(Spatial localization data)
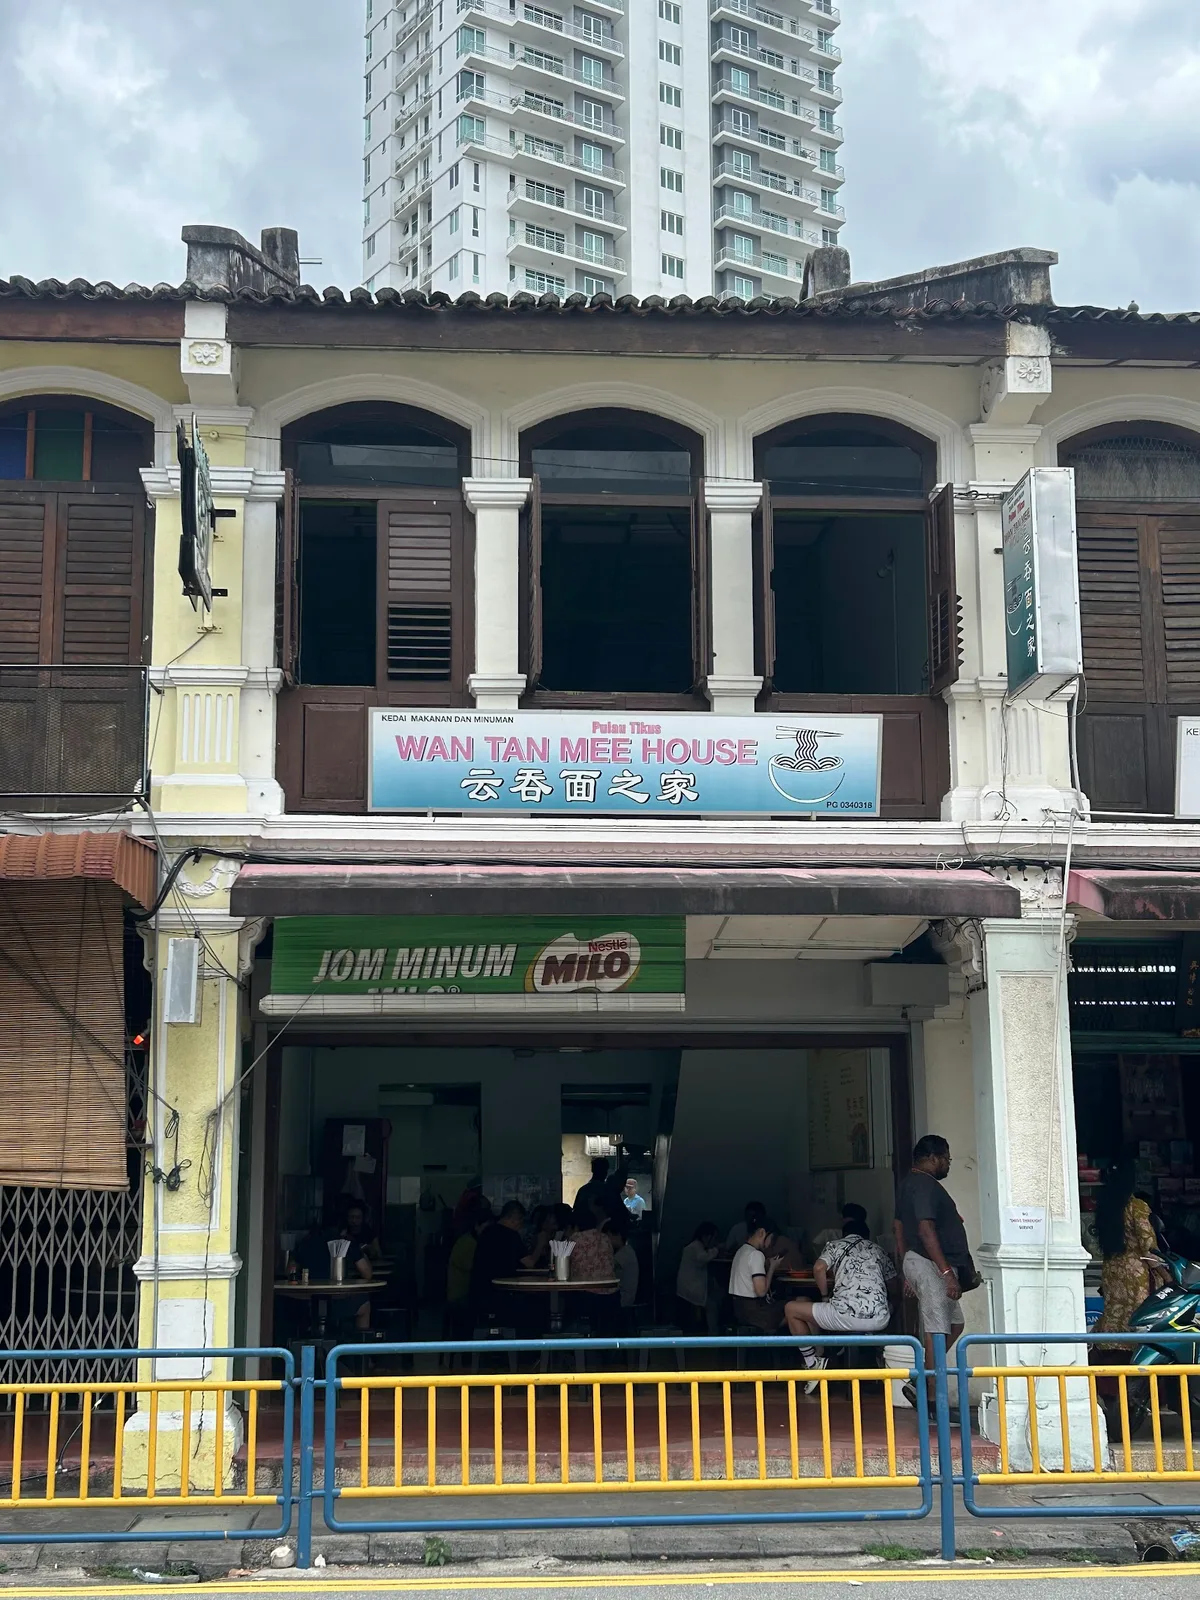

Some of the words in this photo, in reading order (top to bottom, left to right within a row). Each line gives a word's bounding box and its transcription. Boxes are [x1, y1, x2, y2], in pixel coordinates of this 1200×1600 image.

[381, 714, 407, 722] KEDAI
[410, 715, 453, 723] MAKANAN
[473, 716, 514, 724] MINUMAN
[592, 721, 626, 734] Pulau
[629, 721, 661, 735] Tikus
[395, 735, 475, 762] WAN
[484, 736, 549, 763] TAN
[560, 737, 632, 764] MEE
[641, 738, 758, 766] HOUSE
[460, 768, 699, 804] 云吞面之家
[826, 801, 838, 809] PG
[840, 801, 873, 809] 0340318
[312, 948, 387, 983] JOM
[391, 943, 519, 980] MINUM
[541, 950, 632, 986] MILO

To do:
Every entry belongs in the answer exactly as written, but no picture does.

Response:
Some of the words in this photo, in reading order (top to bottom, left to right within a row). Each line gives a word's bounding box and its transcription. Boxes are [x1, y1, x2, y2], in pixel coordinates of this 1200×1600 image.

[381, 714, 407, 722] KEDAI
[410, 715, 453, 723] MAKANAN
[473, 716, 514, 724] MINUMAN
[592, 721, 626, 734] Pulau
[629, 721, 661, 735] Tikus
[395, 735, 475, 762] WAN
[484, 736, 549, 763] TAN
[560, 737, 632, 764] MEE
[641, 738, 758, 766] HOUSE
[460, 768, 699, 804] 云吞面之家
[826, 801, 838, 809] PG
[840, 801, 873, 809] 0340318
[312, 948, 387, 983] JOM
[391, 943, 519, 980] MINUM
[541, 950, 632, 986] MILO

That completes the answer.